Prompt — First find the line containing "this 1632×1224 image." in the data, then set it down exactly along with every line after it, through the last.

Material supplied —

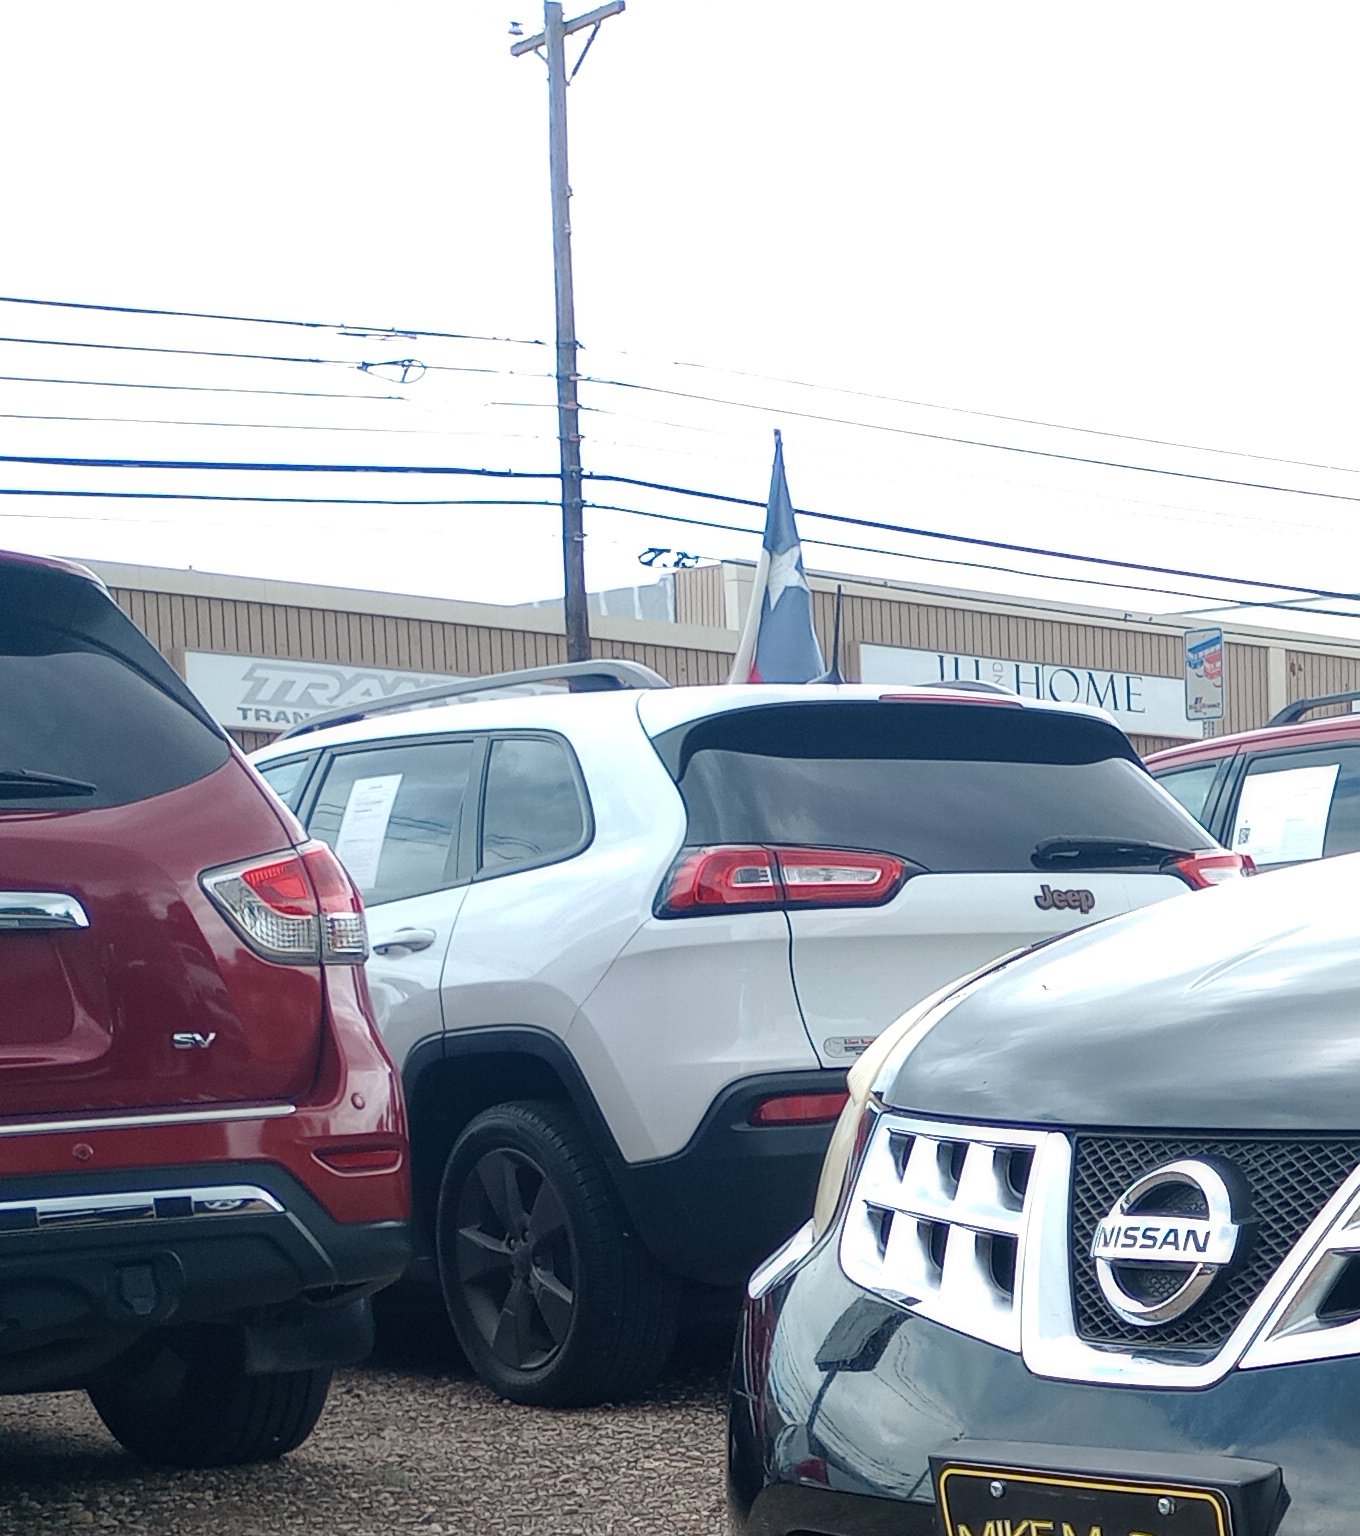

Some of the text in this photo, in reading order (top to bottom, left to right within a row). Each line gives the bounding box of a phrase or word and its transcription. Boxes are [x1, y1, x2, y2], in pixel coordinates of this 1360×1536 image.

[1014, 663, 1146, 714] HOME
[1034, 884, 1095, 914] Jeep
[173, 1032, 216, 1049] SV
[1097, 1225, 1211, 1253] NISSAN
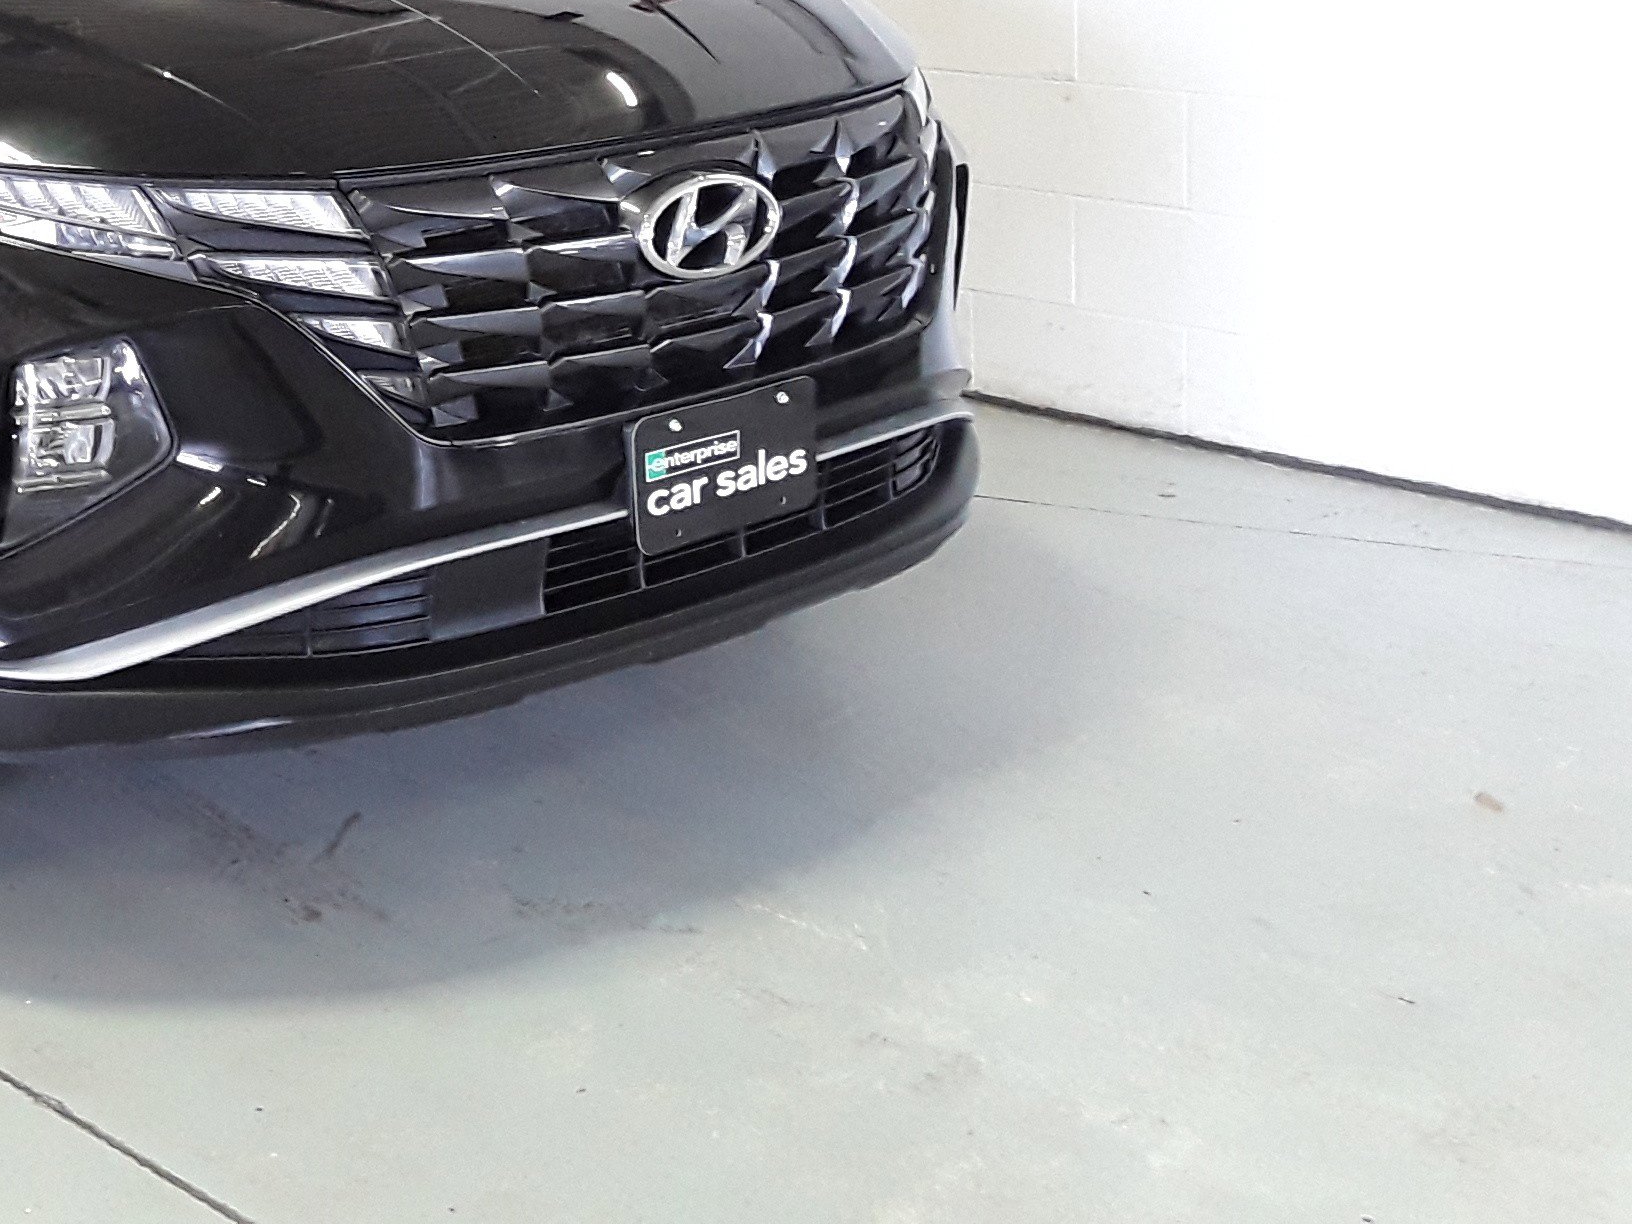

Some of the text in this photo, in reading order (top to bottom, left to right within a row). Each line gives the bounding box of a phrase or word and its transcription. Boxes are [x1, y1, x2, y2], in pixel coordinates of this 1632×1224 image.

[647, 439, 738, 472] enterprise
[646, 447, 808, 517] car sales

Written answer —
Some of the text in this photo, in reading order (top to bottom, left to right within a row). Each line gives the bounding box of a phrase or word and its transcription. Boxes are [x1, y1, x2, y2], in pixel coordinates of this 1632×1224 image.

[647, 439, 738, 472] enterprise
[646, 447, 808, 517] car sales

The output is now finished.